The project was initiated by the National Wildlife Refuge System’s Large Invasive Species Allocation. The Bipartisan Infrastructure Law funding has helped us continue the project for at least another 18 months. In addition, we partnered with the American Conservation Experience and supported an invasive plant strike team that deployed to Palmyra for 16 days. We wanted to see if a larger, “elite” team working intensively every day, all day could be more efficient than our typical slower pace we use with four volunteers working for four months. We called it the sprint vs. marathon pace experiment. While the ACE strike team made a lot of progress and helped us rebuild momentum of the project, in the end the marathon pace our long-term volunteer teams have been doing proved to be a more efficient use of funds and had several other advantages that caused it to be the favored approach which we continue today.

When all is said and done, what do you envision success looking like?

There are a few metrics there:

  1. We will continue to grow our large project alumni list of volunteers who look back at their experience as one of the high points of their life.
  2. In three years, we will no longer have any coconut monocultures on the refuge islands and will only have a few thousand remaining in total on the atoll.
  3. In about 15 years, there will be a fully intact canopy of mixed native tree species wherever the coconut monocultures have been removed.
  4. From a seabird perspective, in a few decades we will see nesting spread more evenly around the entire atoll instead of them all being concentrated on just the half of the atoll that is dominated by mixed native tree species.
  5. Finally, future generations will see a continuing persistence of Palmyra’s islands and reefs because of the enhanced resilience of the atoll’s nature community thanks to this project’s work.

Do you have any more projects in the works?

Always. And we wrapped up a few this year. The re-wilding of the sihek to Palmyra occurred in 2024, and we anticipate more birds being released over the next two years. We will continue to work with partners to monitor Palmyra’s reefs as they continue to bounce back from climate impacts and provide insight on how other reefs can be better supported. We are working with partners on a large-scale World War II-era legacy contaminants clean-up project. We are doing some seabird social attraction projects in an attempt to re-establish breeding populations of some of the seabirds that should be breeding at Palmyra. And as always, we will continue basic biological inventory and monitoring programs that we hope will become the focus of the volunteer program once the coconut project is completed. And that’s just Palmyra, which is just one of seven refuges we mange in the Pacific Islands Heritage Marine National Monument. 
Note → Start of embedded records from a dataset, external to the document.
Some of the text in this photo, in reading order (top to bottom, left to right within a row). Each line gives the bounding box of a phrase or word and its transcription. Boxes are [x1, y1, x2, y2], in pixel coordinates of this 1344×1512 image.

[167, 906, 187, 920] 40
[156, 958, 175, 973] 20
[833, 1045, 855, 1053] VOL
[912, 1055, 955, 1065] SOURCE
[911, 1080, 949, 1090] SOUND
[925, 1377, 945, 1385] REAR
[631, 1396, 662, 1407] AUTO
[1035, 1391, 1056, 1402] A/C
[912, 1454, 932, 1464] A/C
Could you offer any advice for budding conservationists aspiring to help preserve our remote Pacific habitats?

Get out and explore remote natural areas on your own. Go camping and hiking recreationally and get remote-living experiences on your own. Being trapped on a remote island with no way off for several months at a time is not for everyone, but those who get a taste of remote living and love it do very well. 
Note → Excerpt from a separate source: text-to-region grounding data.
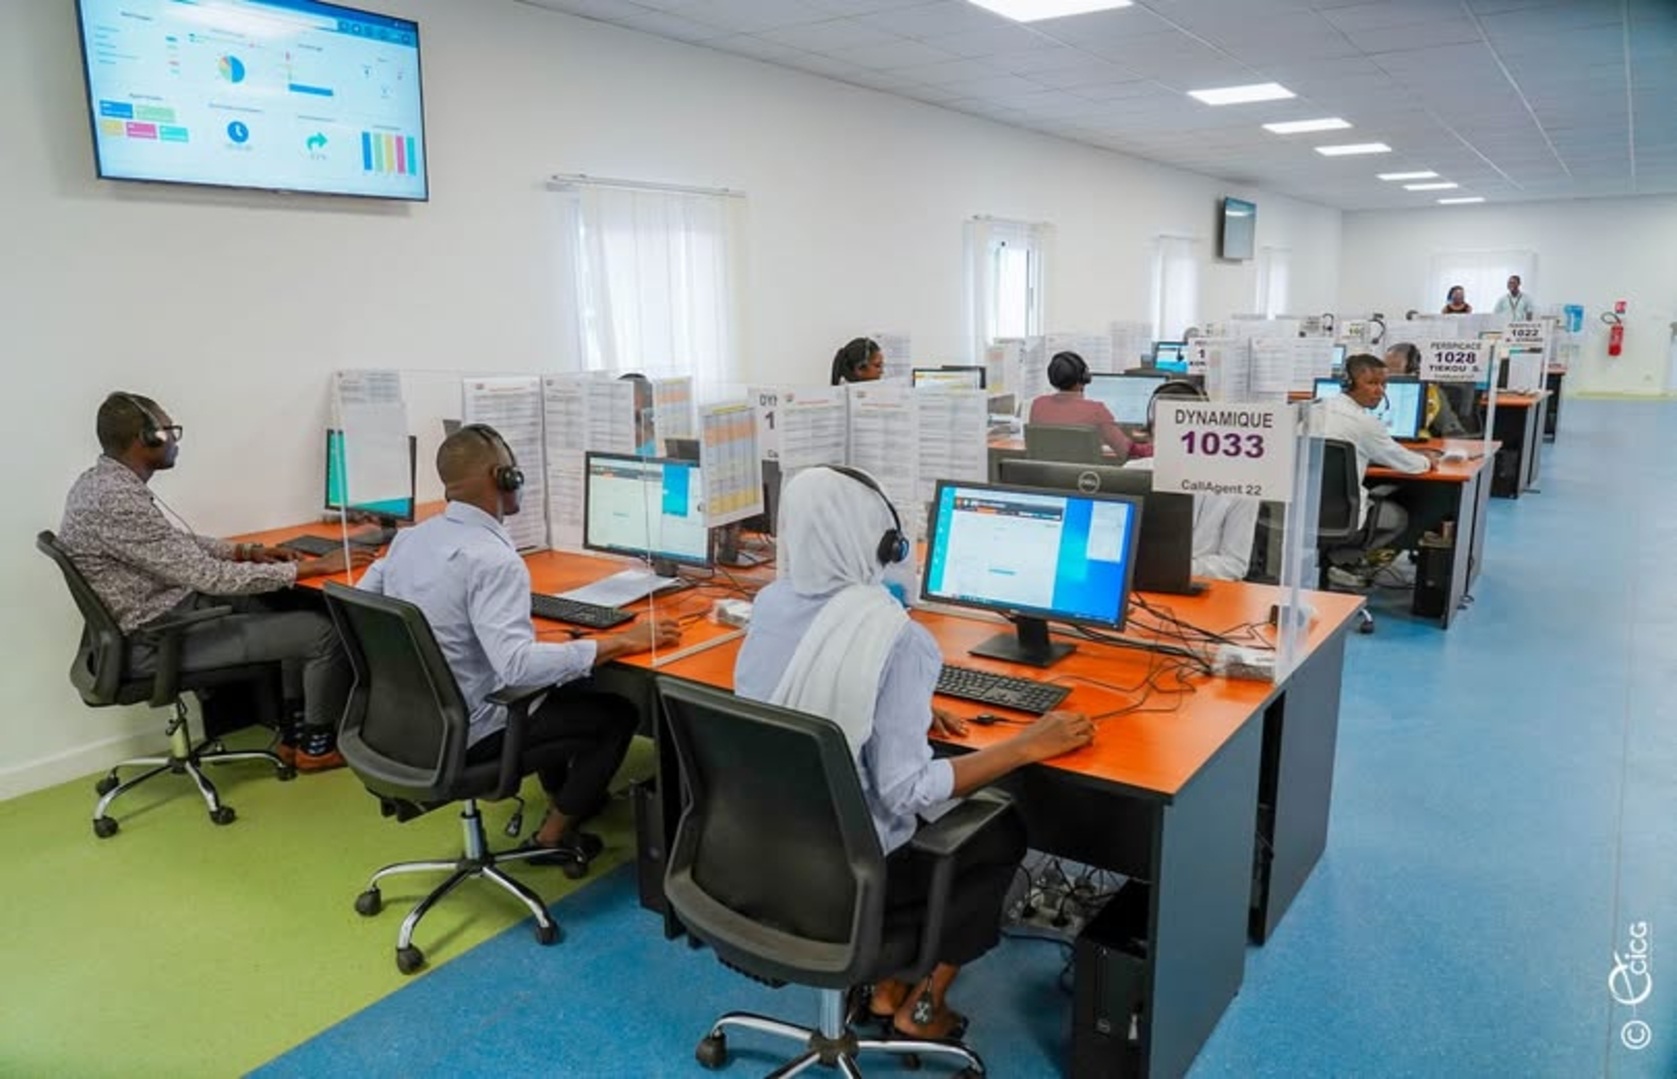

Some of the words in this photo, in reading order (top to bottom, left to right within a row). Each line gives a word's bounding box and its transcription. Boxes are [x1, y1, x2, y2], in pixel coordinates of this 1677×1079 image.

[1434, 351, 1476, 364] 1028
[1175, 409, 1273, 428] DYNAMIQUE
[1181, 430, 1264, 458] 1033
[1181, 479, 1243, 494] CallAgent
[1246, 484, 1262, 496] 22
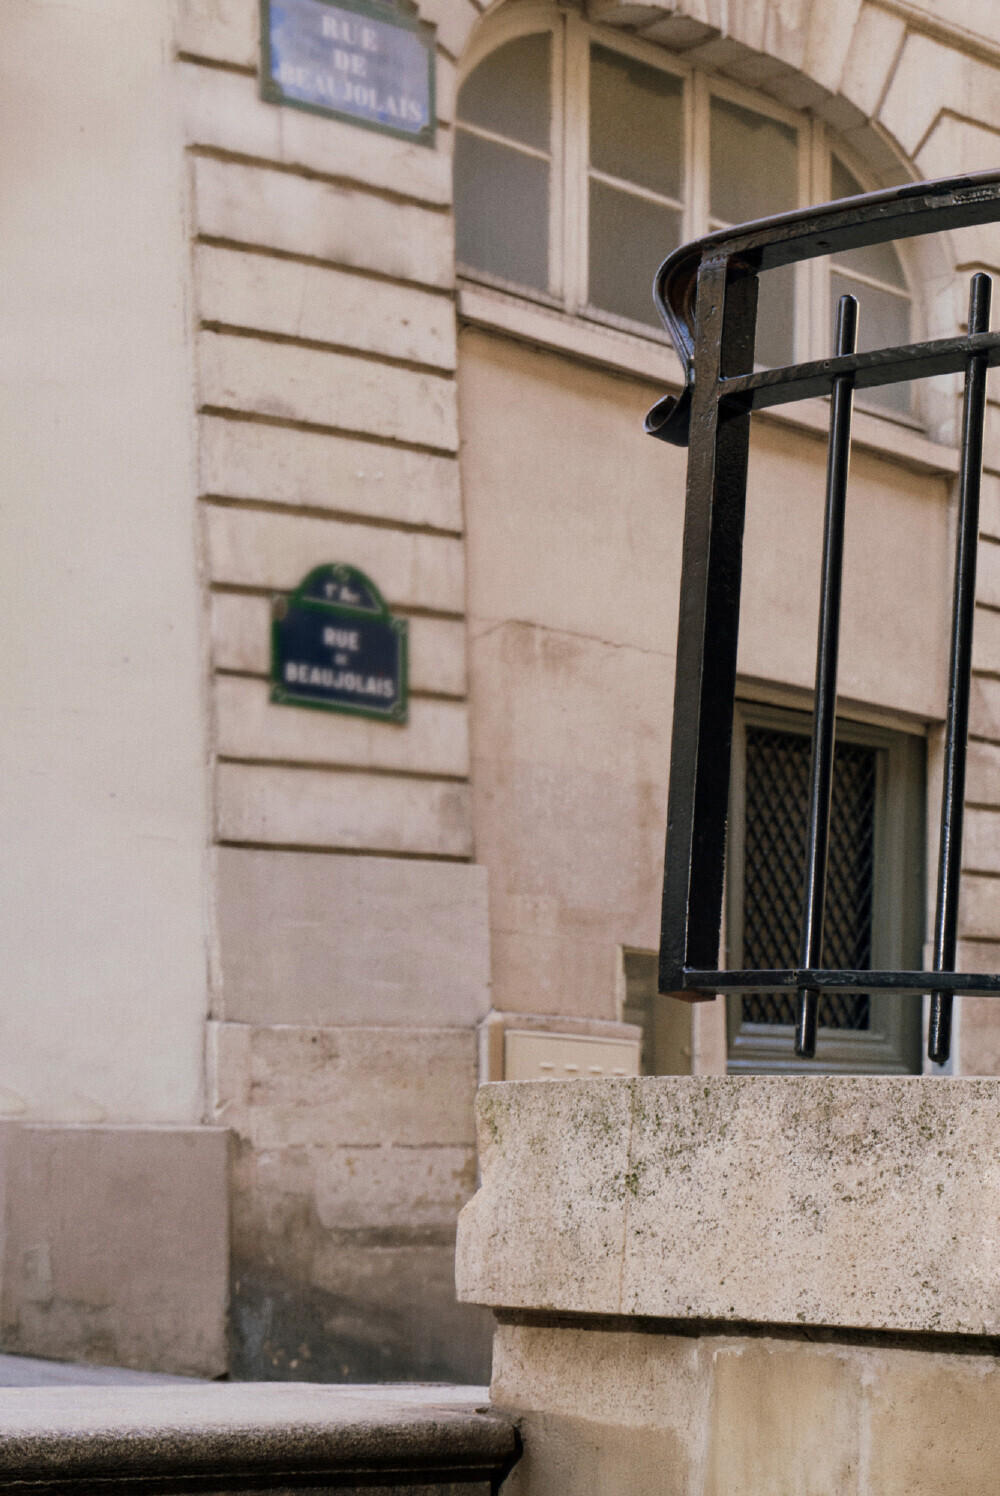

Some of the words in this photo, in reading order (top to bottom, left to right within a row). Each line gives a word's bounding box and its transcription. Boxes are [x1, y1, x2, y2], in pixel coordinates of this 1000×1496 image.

[322, 15, 378, 51] RUE
[323, 626, 360, 651] RUE
[285, 662, 395, 698] BEAUJOLAIS
Our public lands, like our roads and bridges, require strategic investments and management to protect the fish and wildlife that is so important to the American public. The Bipartisan Infrastructure Law has committed $455 million to the U.S. Fish and Wildlife Service over five years to support our natural infrastructure and protect these valuable resources. This is a once-in-a-generation investment that will help local, state, and Tribal communities tackle the climate crisis while creating jobs, advancing environmental justice, and boosting local economies. By funding efforts to address intensifying drought, wildfires, flooding and legacy pollution, the law is the largest investment in the resilience of physical and natural systems in American history. Together we will build back better ecosystems and protect wildlife and wild spaces for the next generation.